Olaf Scholz. Olaf Scholz. Photo: Oboneo - Wikicommons / cropped from original / shared under license CC4.0

The incoming government in Berlin has a new gloss but is offering Merkelism without Merkel, argues Sean Ledwith

Olaf Scholz from Germany’s centre-left SPD has unveiled his traffic-light coalition which is expected to take over the government from Angela Merkel in the near future. Scholz’s party won September’s general election but only by a margin of 1% over the centre-right CDU. The narrowness of the win means Scholz has had to spend the last few weeks hammering out a deal with the Greens and the right-wing FDP to create a majority in the Bundestag.
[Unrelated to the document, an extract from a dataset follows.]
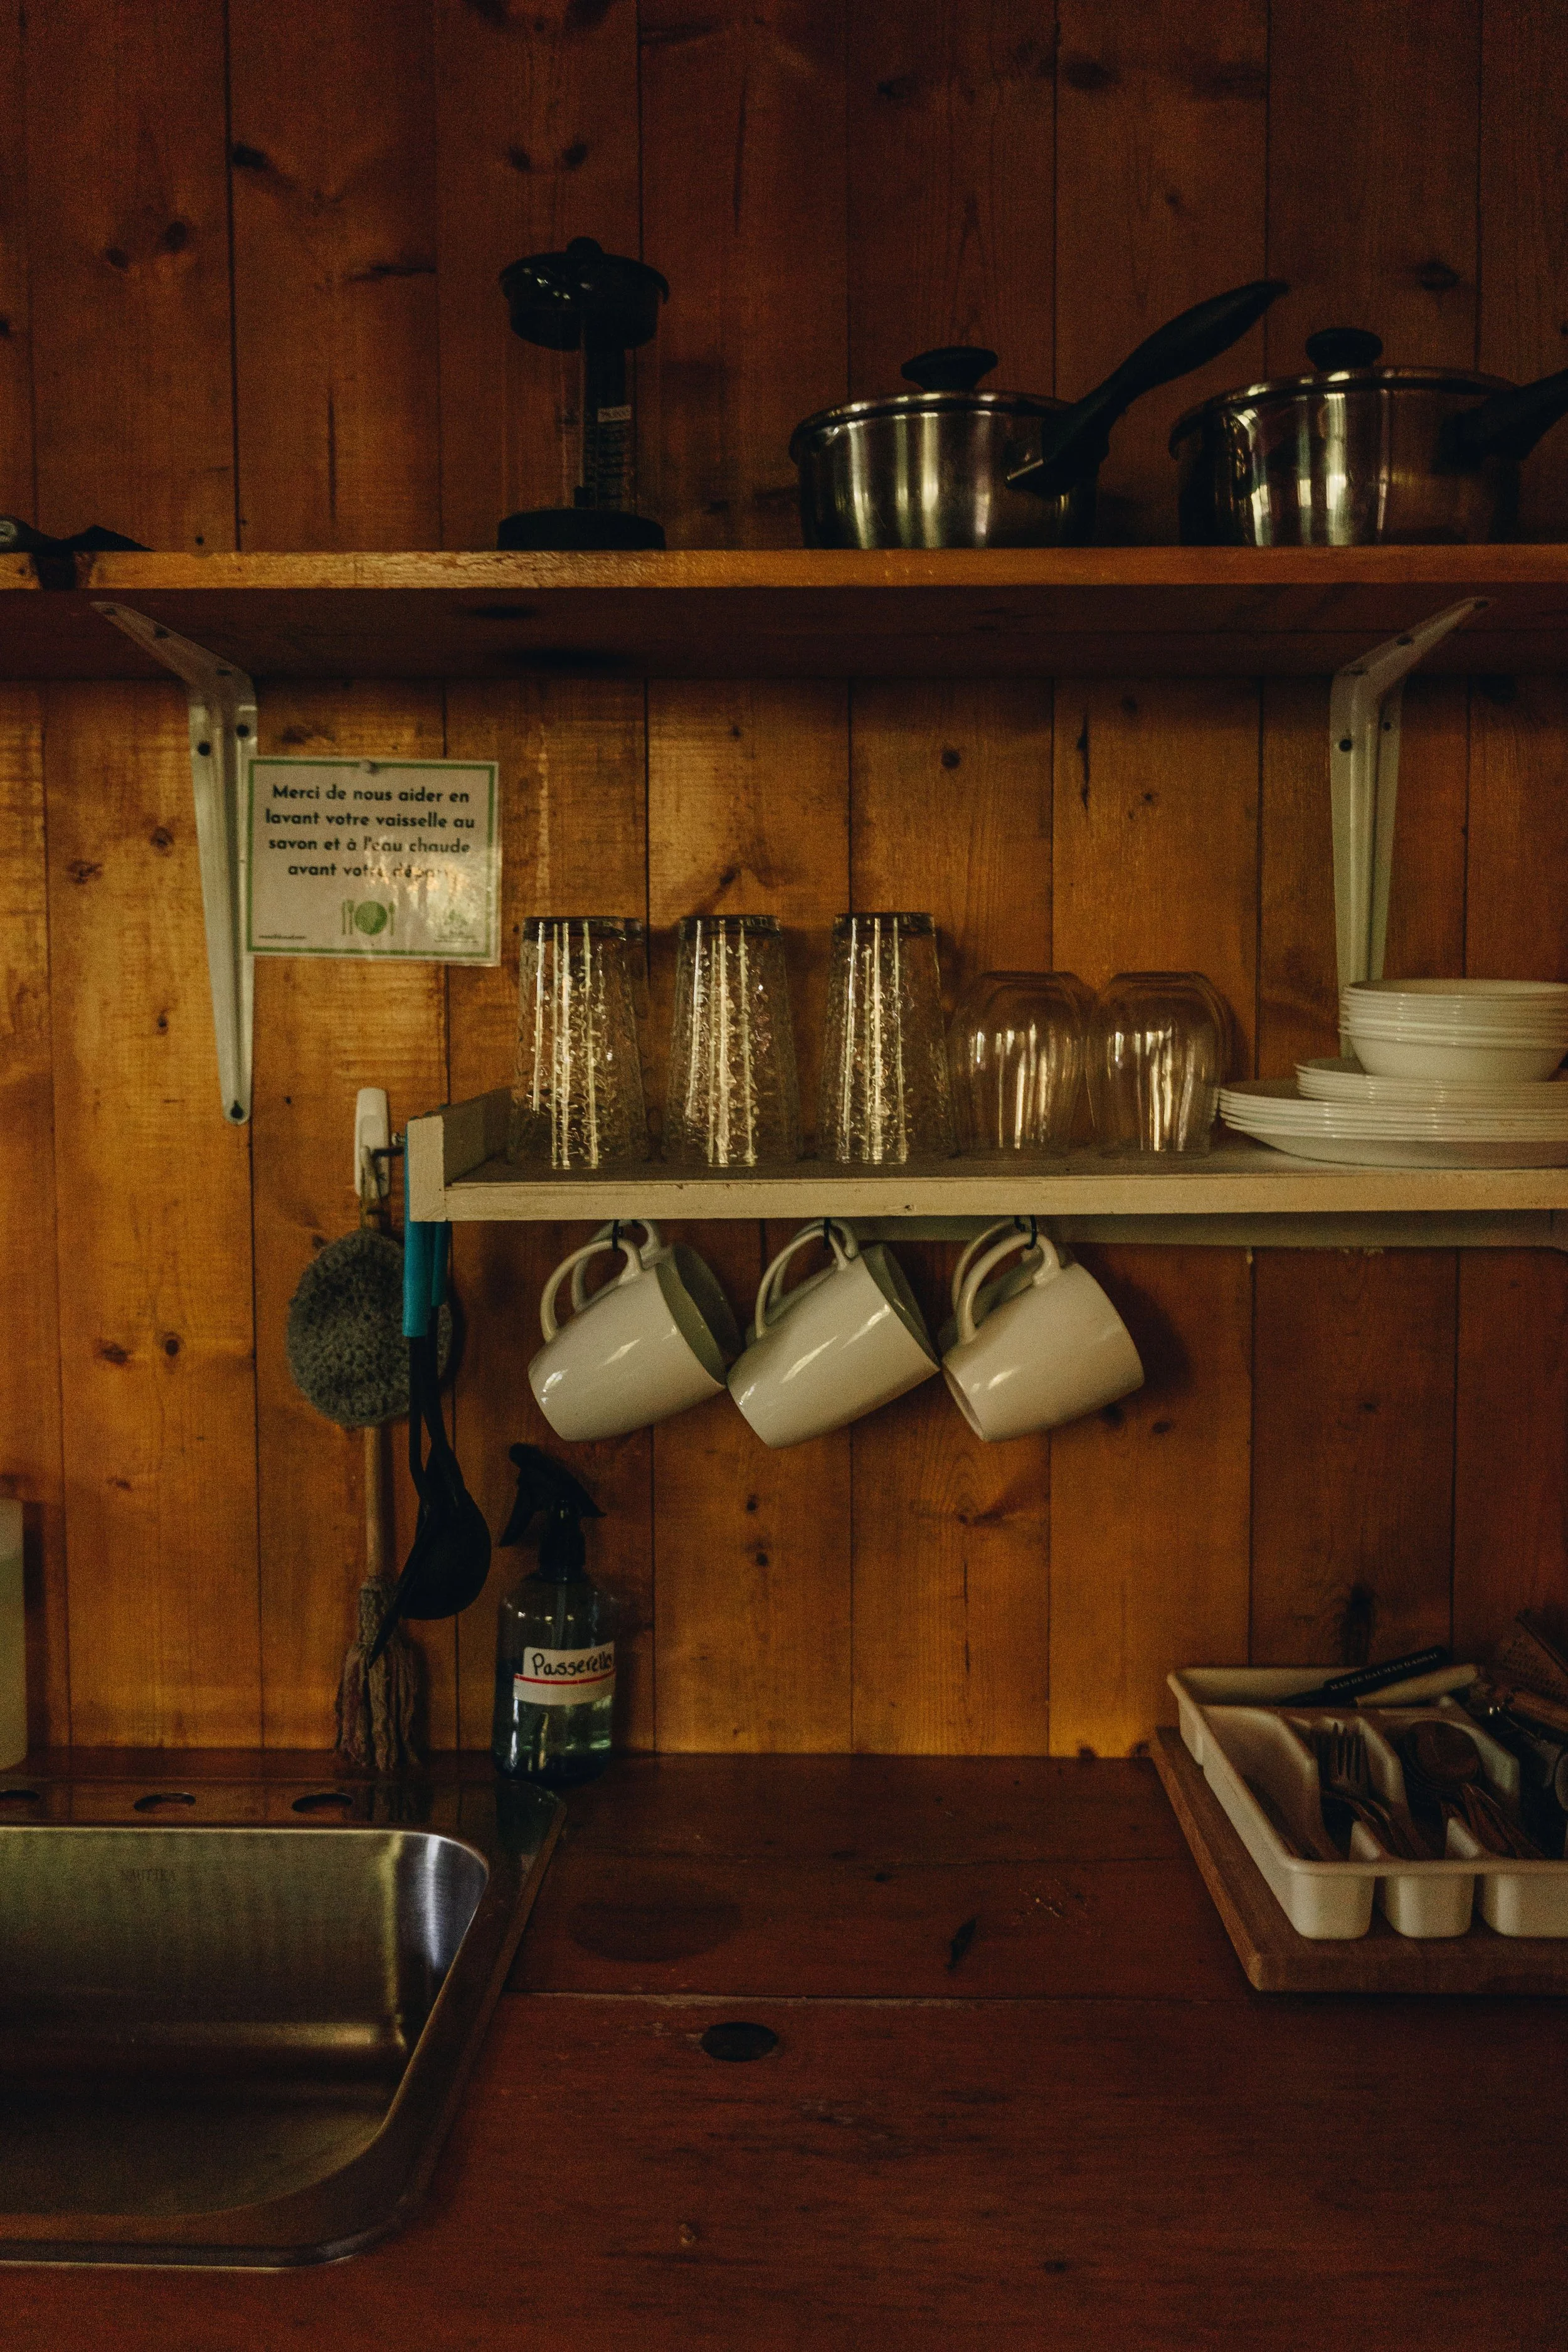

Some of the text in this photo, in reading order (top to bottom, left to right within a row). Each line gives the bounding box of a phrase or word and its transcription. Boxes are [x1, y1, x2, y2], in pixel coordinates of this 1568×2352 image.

The respective colours of the three coalition partners have led commentators to dub the incoming government as a traffic-light coalition of SPD red, FDP yellow and the Greens. At this week’s presentation of the coalition, Scholz unconvincingly tried to present it as an injection of new energy to the politics of the federal republic, but the reality is he personifies the political establishment that has made Berlin the primary enforcer of austerity in the EU and is escalating a dangerous brand of militarism in German politics. The inclusion of the uber neoliberals FDP especially, means this coalition is unlikely to offer solutions to Germany’s mounting problems with inequality, racism and the pandemic.

Merkel’s right-hand man

Scholz has cultivated an image of studied dullness that makes him perfectly acceptable to the German ruling class that flourished under sixteen years of Merkelism and led the country’s number of billionaires to rise from 69 to over 200. Beneath the staid demeanour, however, is a ruthless politician who has proven himself a reliable enforcer of neoliberal priorities in his previous roles.

Scholz was part of the last SPD government led by Gerhard Schroder in the 1990s that introduced the Agenda 2010 reforms which savaged welfare provision for the most vulnerable and facilitated wider stagnation of wages for German workers. As Mayor of Hamburg in 2017, Scholz authorised a brutal policed assault on demonstrators outside the G20 meeting in the city. He has also been Vice-Chancellor in Merkel’s Grand Coalition with the SPD and, as such, is a reassuringly non-threatening figure for Germany’s elite that is anticipating continuity with the outgoing government.

Pale Green

Scholz’ foreign minister is widely expected to be Annalena Baerbock, leader of the Greens. Those hoping that a politician with this profile might promote a more progressive direction for German foreign policy are likely to be disappointed. In pursuit of electoral respectability, Baerbock has fallen into line with the hawkish mentality of the political establishment and adopts confrontational rhetoric both in her stance towards supposedly hostile powers such as China and Russia and in her belief that Germany should be escalating its financial and material commitment to Nato.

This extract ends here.